/ 27 April 2006

Sri Lankan peace deal in danger

Mine attacks killed two navy sailors and wounded two commandos in northern Sri Lanka on Thursday in the latest in a barrage of violence that is posing the biggest danger yet to the country’s four-year-old ceasefire.

Meanwhile, police found five headless corpses near the capital, Colombo, and said they were investigating whether the deaths are linked to the recent upsurge in fighting with Tamil rebels.

This week’s bloodshed, including two days of government air strikes against rebel positions, threatens to wreck a 2002 truce that ended two decades of fighting between the government and rebels seeking a separate state in the north of the island.

While both sides in the conflict and the European team overseeing the agreement say the ceasefire still holds, analysts predict that more violence in the coming days could lead to its total collapse.

The Tamil Tiger rebel group says the air strikes on Tuesday and Wednesday near the north-eastern port of Trincomalee killed a dozen people and forced 40 000 people — mostly ethnic Tamils — to flee their homes.

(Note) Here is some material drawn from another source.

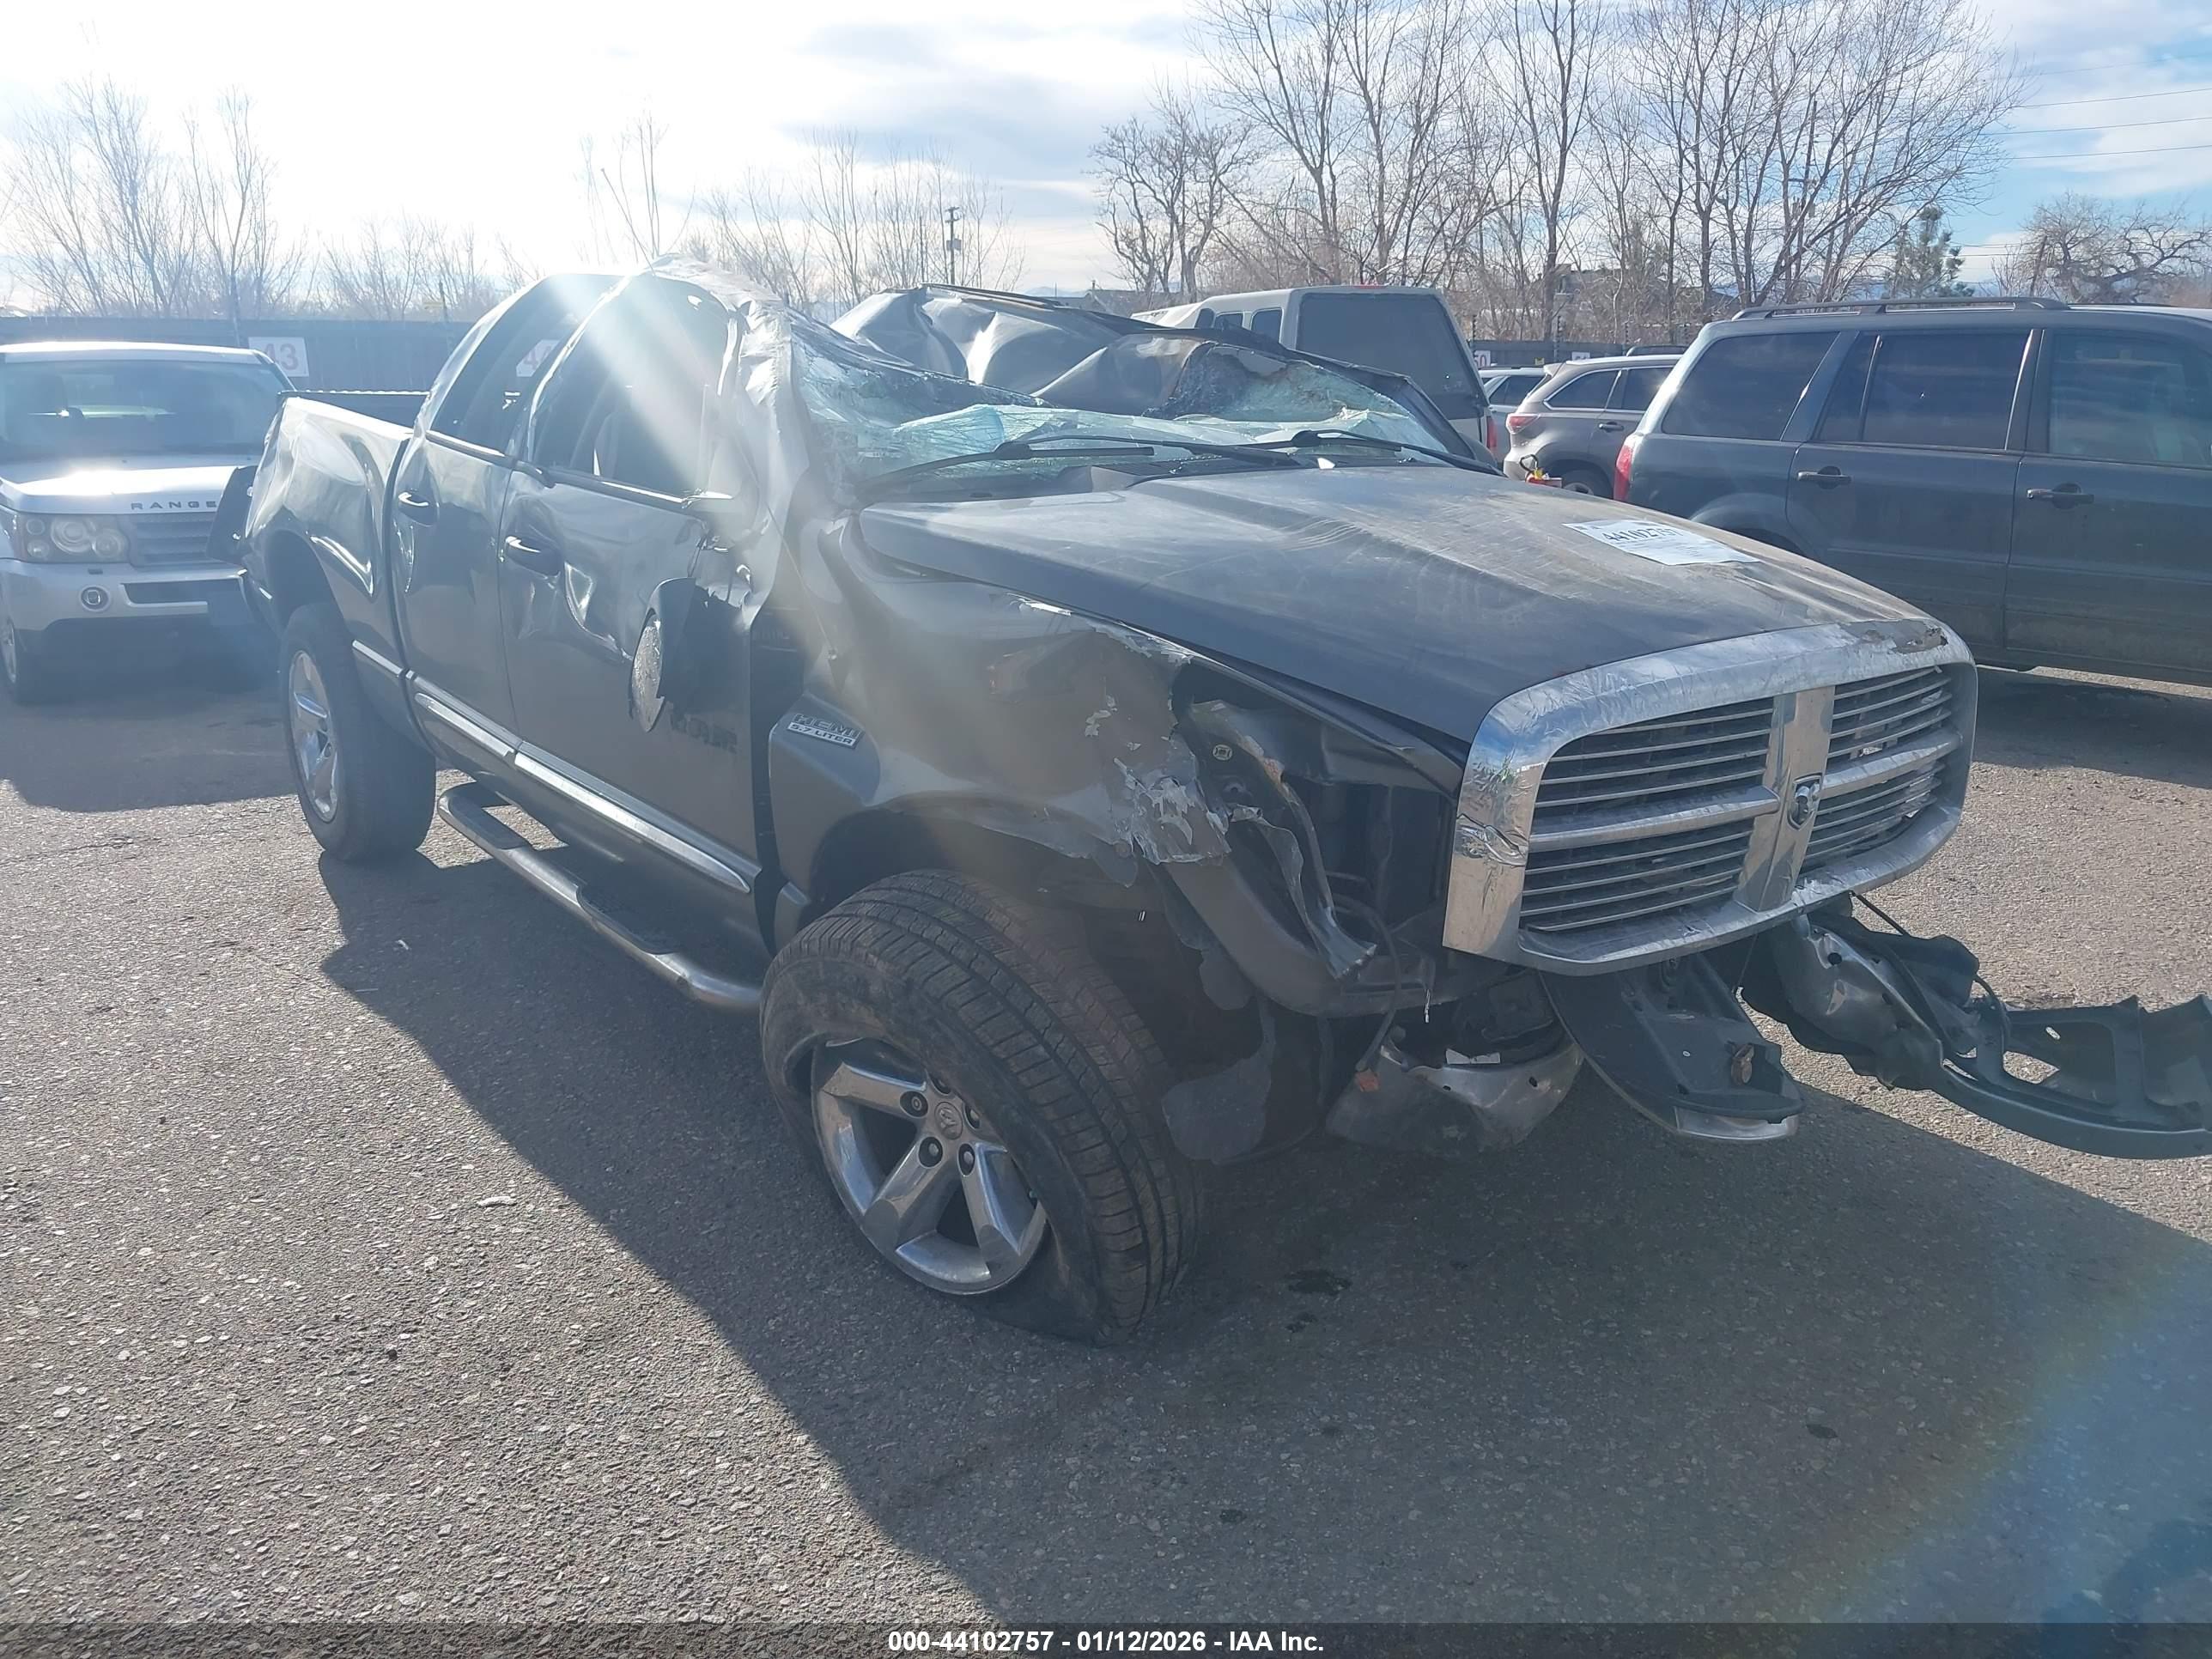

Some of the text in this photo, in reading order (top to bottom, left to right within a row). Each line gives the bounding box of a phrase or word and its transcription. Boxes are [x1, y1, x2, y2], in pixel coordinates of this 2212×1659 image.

[131, 501, 217, 510] RANGE
[790, 723, 854, 744] 5.7 LITER
[791, 713, 861, 739] HEMI

The chief ceasefire monitor, Ulf Henricsson of Sweden, travelled on Thursday to those areas to inspect damage caused by the air strikes and meet with local rebel leaders, spokesperson Helen Olafsdottir said. She gave no further details.

The government blamed both of Thursday’s mine attacks on the rebels.

The two sailors were killed when a mine exploded as they rode on a motorcycle on the Kayts islet in northern Jaffna Peninsula, the navy’s media unit said.

Earlier, two members of a government commando unit formed to help the military in its battle against Tigers were wounded in a mine attack on a fortified truck in north-western Mannar district, the defence ministry said.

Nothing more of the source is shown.